E-ICD Intervention over 3 months, consists of home walking to achieve the goal of 30 minutes on all or most of the days at moderate level intensity. E-ICD elements are: 1) exercise instructional DVD and manual, 2) exercise monitoring tools (Polar HR monitor, Borg scale, and exercise logs), and 3) telephone coaching by cardiac rehabilitation (CR) staff. Each participant receives an exercise prescription based on the ICD information using HR cut-offs, a minimum of 4 walking sessions/week will be prescribed. Exercise maintenance: At the 3 month conclusion of the E-ICD intervention, each patient will receive an exercise prescription based on the level they were able to achieve, with guidelines about increasing exercise to reach the target of 30 minutes/walking on all or most days over the ensuing 3 months.

Group Type EXPERIMENTAL

E-ICD Intervention

Intervention Type BEHAVIORAL

Home walking 3 days/week x 12 weeks

Usual Care

Usual Care will receive treatment "as usual" from their health care clinicians with outcomes measured at baseline, 3, 6, and 12 months.
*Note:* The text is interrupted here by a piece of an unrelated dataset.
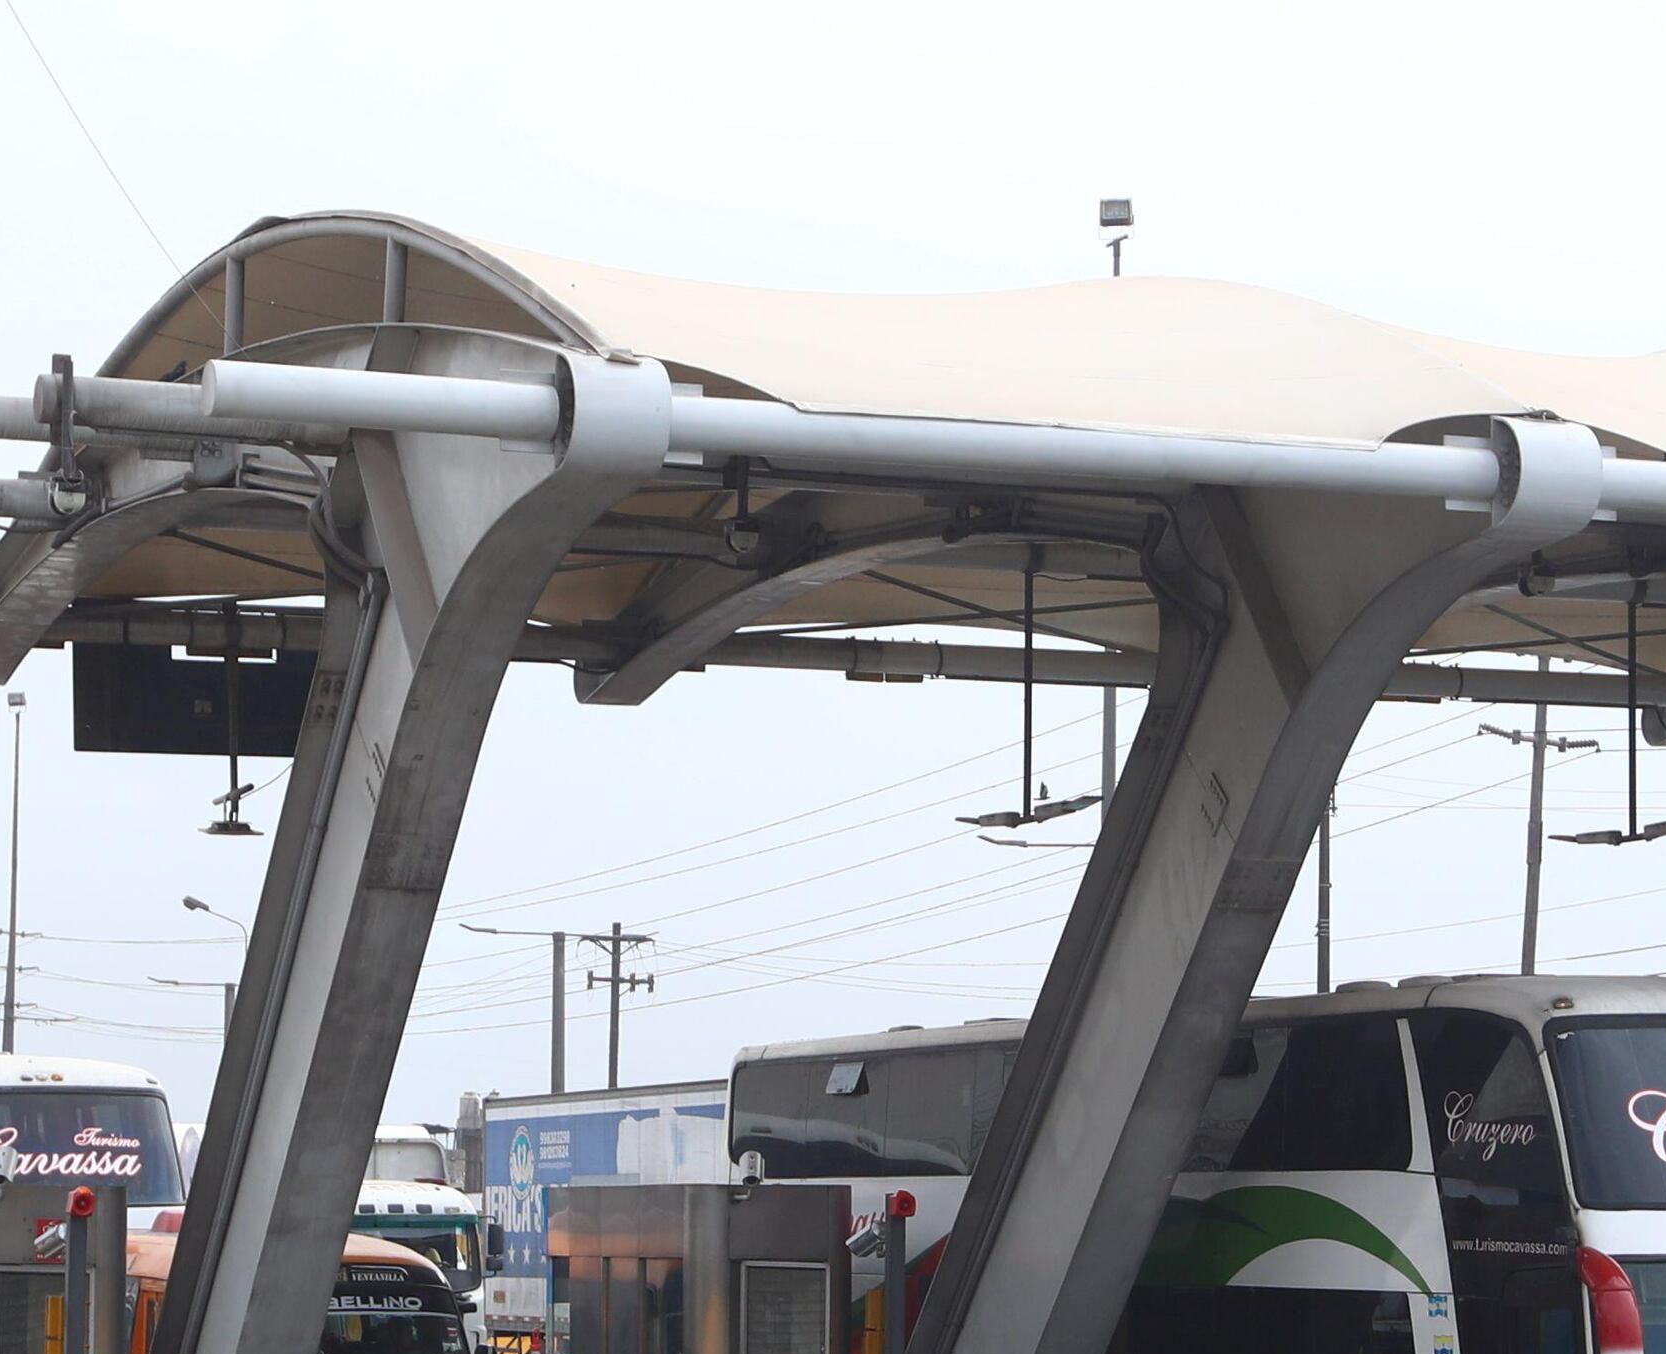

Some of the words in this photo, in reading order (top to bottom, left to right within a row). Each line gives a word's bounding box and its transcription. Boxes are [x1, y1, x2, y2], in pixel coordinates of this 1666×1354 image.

[1443, 1090, 1536, 1161] Cruzero
[73, 1127, 141, 1148] Turismo
[352, 1272, 405, 1282] VENTANILLA
Participants will not be discouraged from physical activity, but will be asked not to change their current level of activity for 6 months while in the study. Usual care involves ICD interrogation and follow-up every 3 months, measured either in-person or with home telephonic transmissions. Because participants in usual care may choose to participate in another exercise program, we will monitor those who participate in exercise programs and use the StepWatch monitor to quantify the amount and timing of physical activity. To control for group differences in attention, investigators will telephone usual care participants requesting information about health care utilization twice during the study at 3, 6, and 12 months.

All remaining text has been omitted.